-- WHAT IS BEING ASKED --
Give back every record below word for word, with the pictures omitted.

::: DATASET EXTRACT

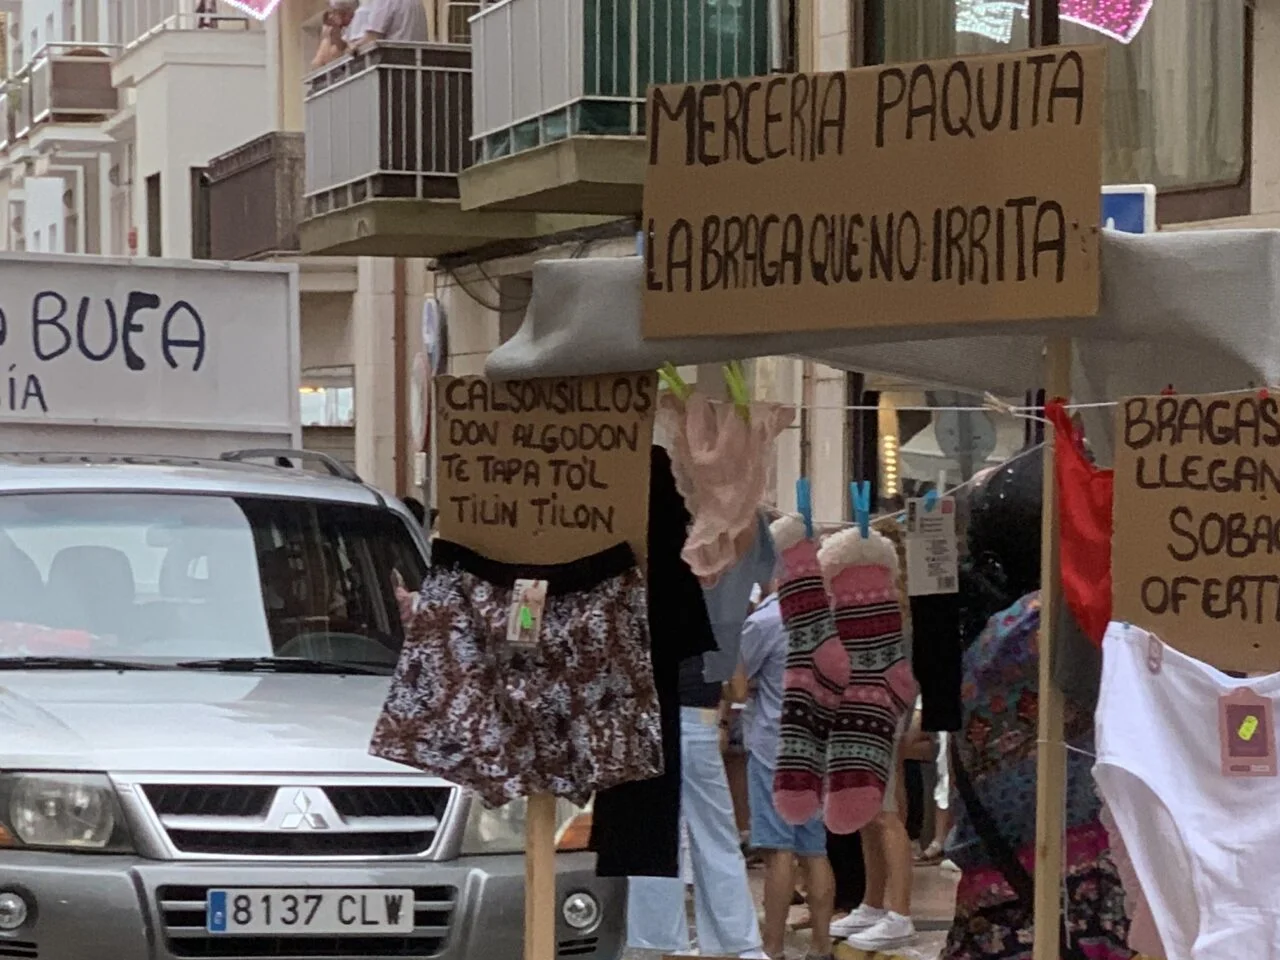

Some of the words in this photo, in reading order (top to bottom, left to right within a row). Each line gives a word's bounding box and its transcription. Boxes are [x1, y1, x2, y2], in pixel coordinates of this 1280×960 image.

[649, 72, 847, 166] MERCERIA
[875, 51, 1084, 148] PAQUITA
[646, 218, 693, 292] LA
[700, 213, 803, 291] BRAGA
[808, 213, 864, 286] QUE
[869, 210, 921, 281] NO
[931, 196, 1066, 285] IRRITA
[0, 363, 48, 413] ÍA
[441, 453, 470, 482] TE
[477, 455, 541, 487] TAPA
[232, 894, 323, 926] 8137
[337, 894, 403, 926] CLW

::::::

-- SOLUTION TO THIS EXERCISE --
Some of the words in this photo, in reading order (top to bottom, left to right within a row). Each line gives a word's bounding box and its transcription. Boxes are [x1, y1, x2, y2], in pixel coordinates of this 1280×960 image.

[649, 72, 847, 166] MERCERIA
[875, 51, 1084, 148] PAQUITA
[646, 218, 693, 292] LA
[700, 213, 803, 291] BRAGA
[808, 213, 864, 286] QUE
[869, 210, 921, 281] NO
[931, 196, 1066, 285] IRRITA
[0, 363, 48, 413] ÍA
[441, 453, 470, 482] TE
[477, 455, 541, 487] TAPA
[232, 894, 323, 926] 8137
[337, 894, 403, 926] CLW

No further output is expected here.